Studentenleven
Clubje: 'Hij kent Holland beter dan ik'
woensdag 21 februari 2018
Foto Taco van der Eb

Tekeste Demissie (26, pre-master culturele antropologie en ontwikkelingssociologie): ‘In november 2015 ben ik uit Ethiopië naar Nederland gekomen. Hente leerde ik afgelopen oktober kennen via Refugees@Campus, het mentorproject van de Stichting voor Vluchteling-Studenten UAF.’

Hente de Ruijter (22, bachelor culturele antropologie en ontwikkelingssociologie): ‘Ik was op zoek naar vrijwilligerswerk. Als UAF-mentor kon ik als student echt iets bijdragen. In het begin moesten we doelen opstellen. We kozen voor Nederlands leren, alle vakken halen en een baan vinden. Daar werken we nog steeds aan, maar inmiddels meer als vrienden. Ik leer net zo veel van Tekeste, bijvoorbeeld over cultuurverschillen. De eerste keer vroeg hij of ik getrouwd was, omdat ik een ring droeg.’

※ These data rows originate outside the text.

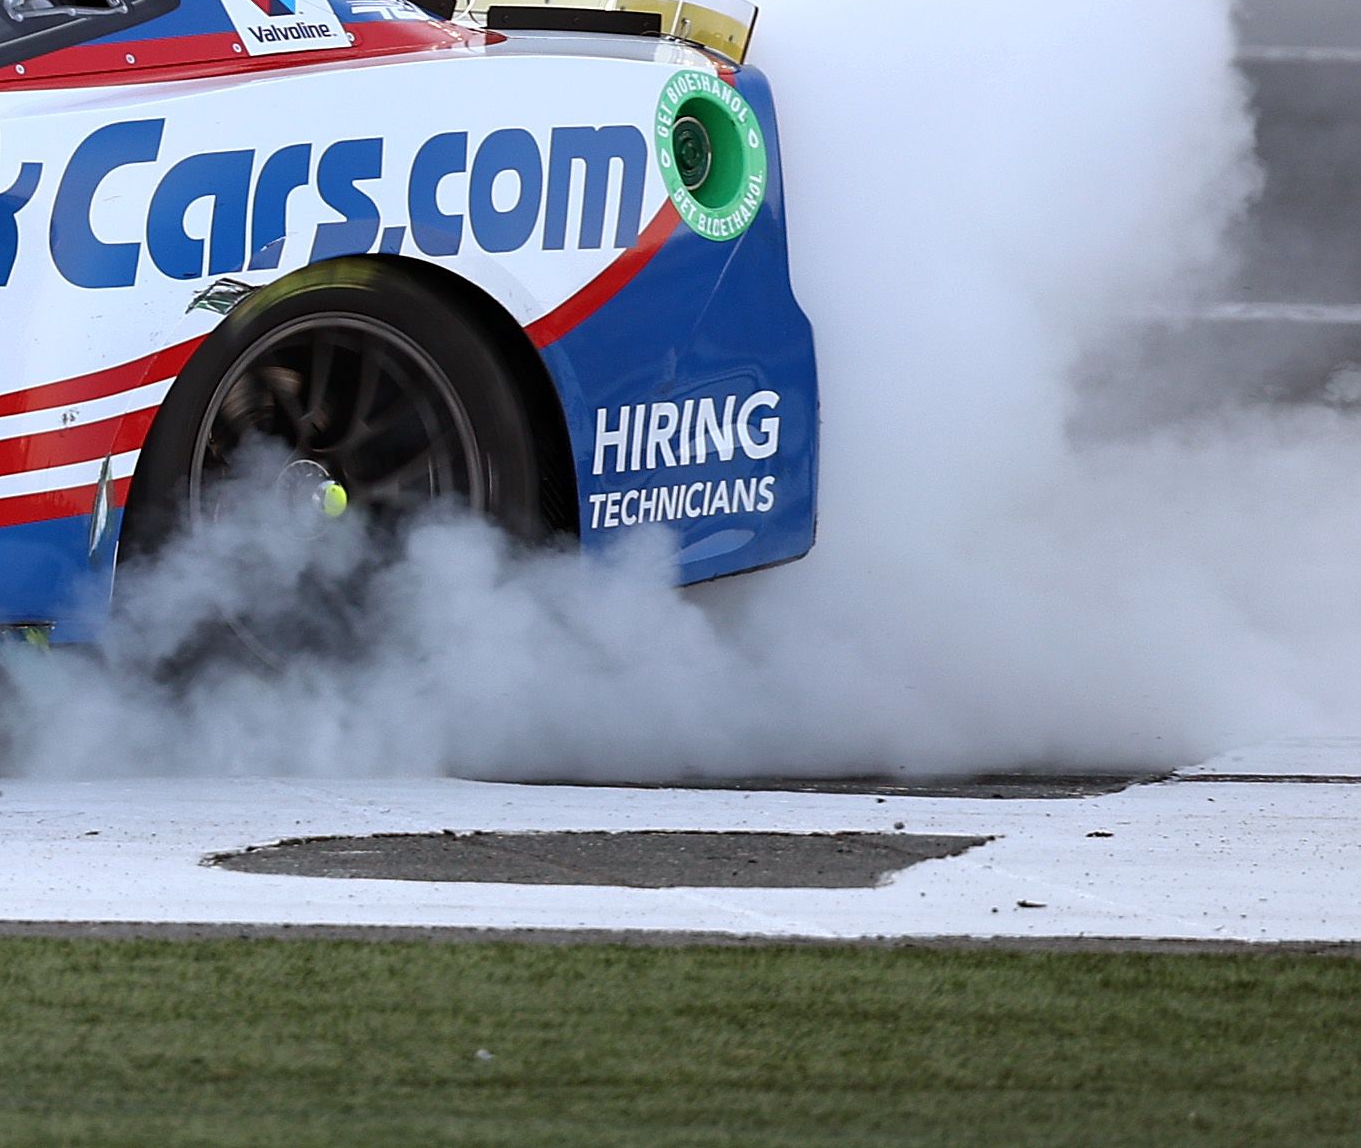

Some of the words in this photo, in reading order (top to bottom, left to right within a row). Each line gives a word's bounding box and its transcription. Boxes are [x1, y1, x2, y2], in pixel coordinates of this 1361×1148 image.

[248, 22, 330, 43] Valvoline
[657, 105, 672, 138] GET
[673, 187, 696, 221] GET
[592, 390, 780, 475] HIRING
[589, 475, 776, 529] TECHNICIANS

Demissie: ‘Hente helpt me met alle nieuwe dingen, waarvan er nogal wat zijn. Hoe je iets moet regelen op de universiteit, of daarbuiten. In Ethiopië heb ik voor de overheid gewerkt, waardoor het niet veilig is om terug te keren. Mijn familie woont er nog wel. Vorige week heb ik hen nog gesproken, maar dat lukt niet altijd. Soms blokkeert de overheid de netwerken.’

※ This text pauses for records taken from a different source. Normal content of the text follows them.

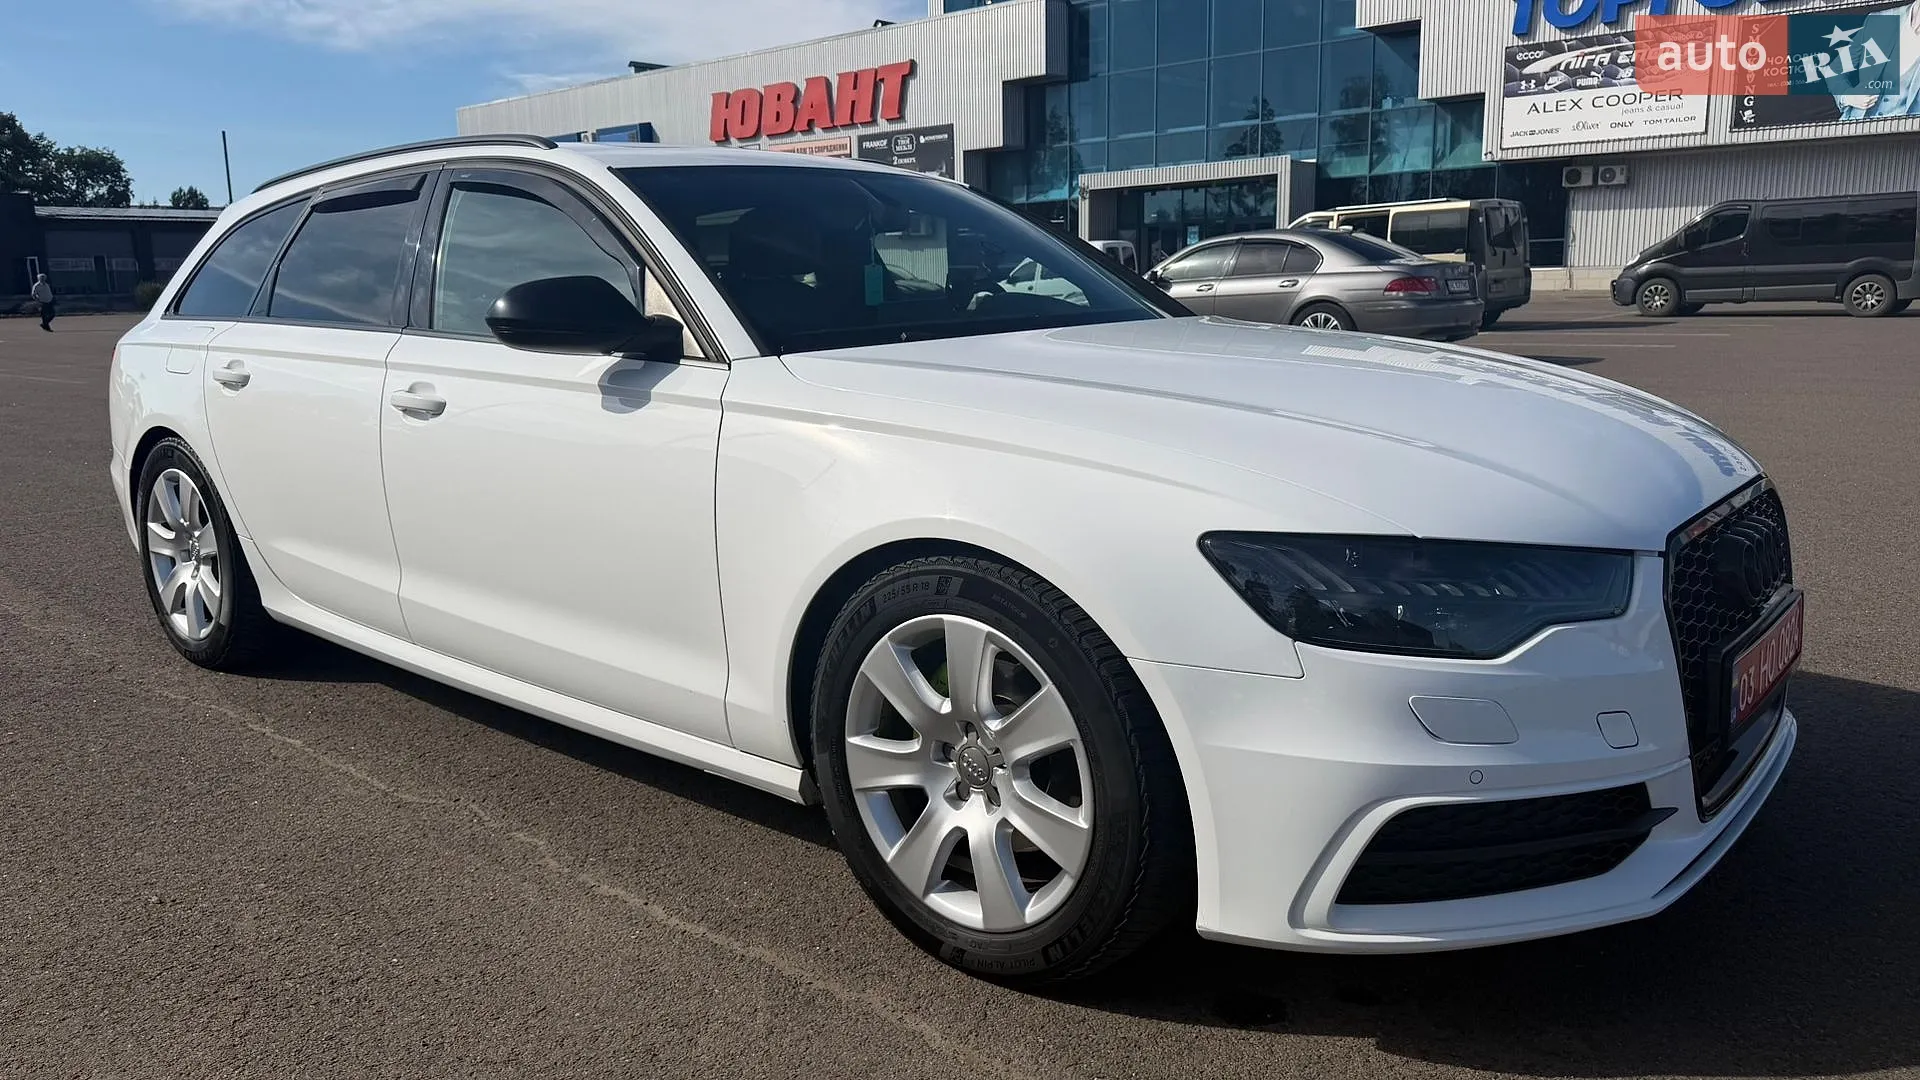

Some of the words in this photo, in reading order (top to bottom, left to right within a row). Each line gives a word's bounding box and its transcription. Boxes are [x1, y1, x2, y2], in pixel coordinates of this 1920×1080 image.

[710, 60, 914, 143] ЮВАНТ
[1527, 97, 1583, 115] ALEX
[1592, 88, 1683, 109] COOPER
[1610, 120, 1635, 130] ONLY
[1643, 118, 1665, 126] TOM
[1665, 115, 1697, 124] TAILOR
[1739, 665, 1755, 711] 03

De Ruijter: ‘Er zijn wel meer vluchtelingstudenten gekoppeld aan Nederlandse studenten, ook in Leiden.’

Demissie: ‘We zijn samen naar Museum Volkenkunde geweest en naar De Burcht. En hier, in La Place op de vierde verdieping van Hudson’s Bay, hebben we vaker afgesproken. Ik vind het uitzicht mooi, met al die oude gebouwen.’

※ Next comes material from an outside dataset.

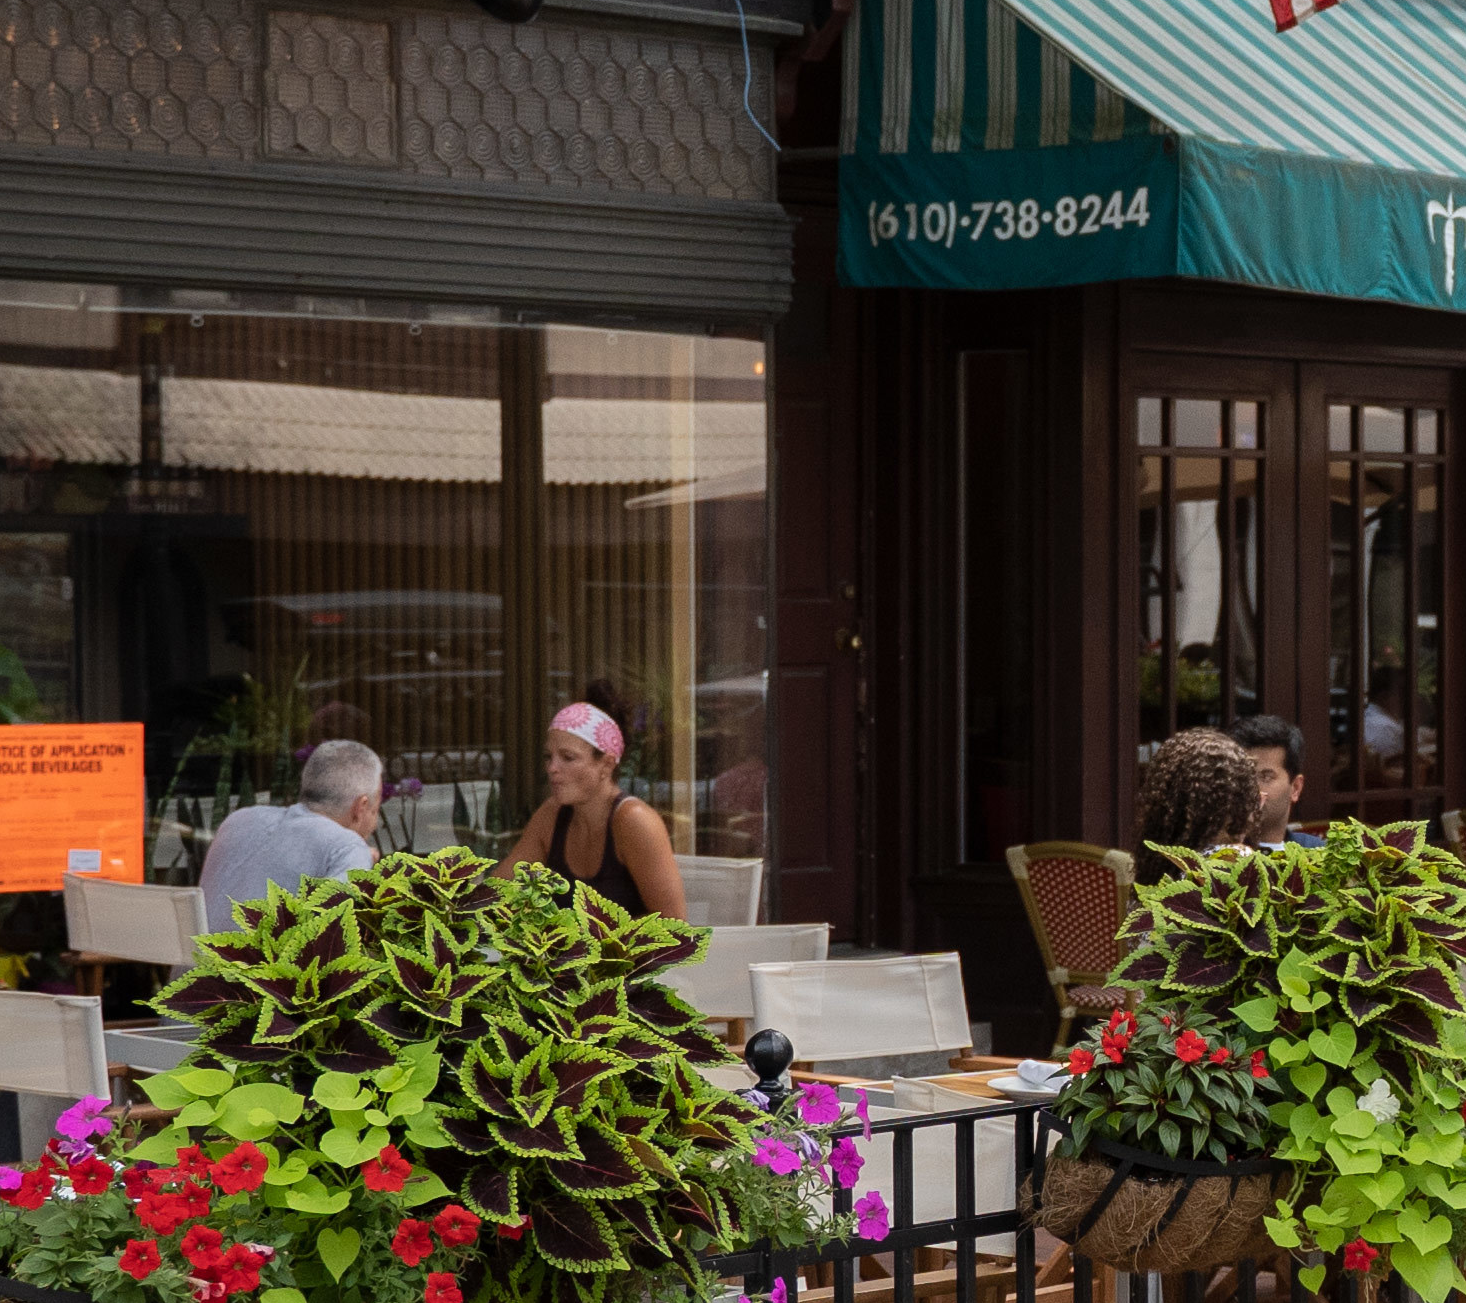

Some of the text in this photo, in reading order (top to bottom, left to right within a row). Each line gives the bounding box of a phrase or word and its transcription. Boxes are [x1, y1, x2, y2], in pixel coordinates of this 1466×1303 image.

[30, 745, 45, 758] OF
[51, 743, 126, 757] APPLICATION
[32, 759, 103, 774] BEVERAGES

De Ruijter: ‘Het uitzicht biedt ook gespreksonderwerpen. Dan zien we bijvoorbeeld de markt en gaan we daarna Nederlandse snacks kopen. Vanmorgen zijn we naar het strand geweest.’

Demissie: ‘Daar was ik nog nooit geweest. Ethiopië is omringd door land.’

De Ruijter: ‘Ik heb hem verteld over eb en vloed en over de vuurtoren. Maar intussen kent hij meer Nederlandse weetjes dan ik. Laatst, in Utrecht, wist híj hoe hoog de Domtoren was.’

Demissie: ‘Eigenlijk leek het me eerst niets, zo’n mentorprogramma.’

De Ruijter: ‘Ook zo’n cultuurverschil: hij voelde zich te oud om gekoppeld te worden aan een student, aangezien hij in Ethiopië al een baan had.’

Demissie: ‘Toen ik hoorde dat Hente dezelfde studie volgde, leek het me toch wel handig. En uiteindelijk werden we vrienden.’

De Ruijter: ‘Soms hebben we samen college. Vooral in het begin spraken we in de koffiepauzes steeds Nederlands met elkaar. Vandaag hebben we ook alleen maar Nederlands gesproken.’

Demissie: ‘Persoonlijke of moeilijke dingen doen we in het Engels, wat onze vriendschap weer verdiept.

‘Een baan heb ik overigens nog niet. Meestal zoeken ze alleen Nederlandstalige werknemers. Het UAF helpt me gelukkig met het regelen van studiefinanciering, dus ik focus me nu eerst op mijn studie. Tot nu toe heb ik alles gehaald, hoewel ik altijd denk dat ik te weinig gestudeerd heb.’

De Ruijter: ‘Je studeert harder dan ik.’

Demissie: ‘Nederlanders zijn trouwens altijd verbaasd dat ik haring zo lekker vind. Niet veel buitenlanders houden ervan. Hente ook niet zo, trouwens.’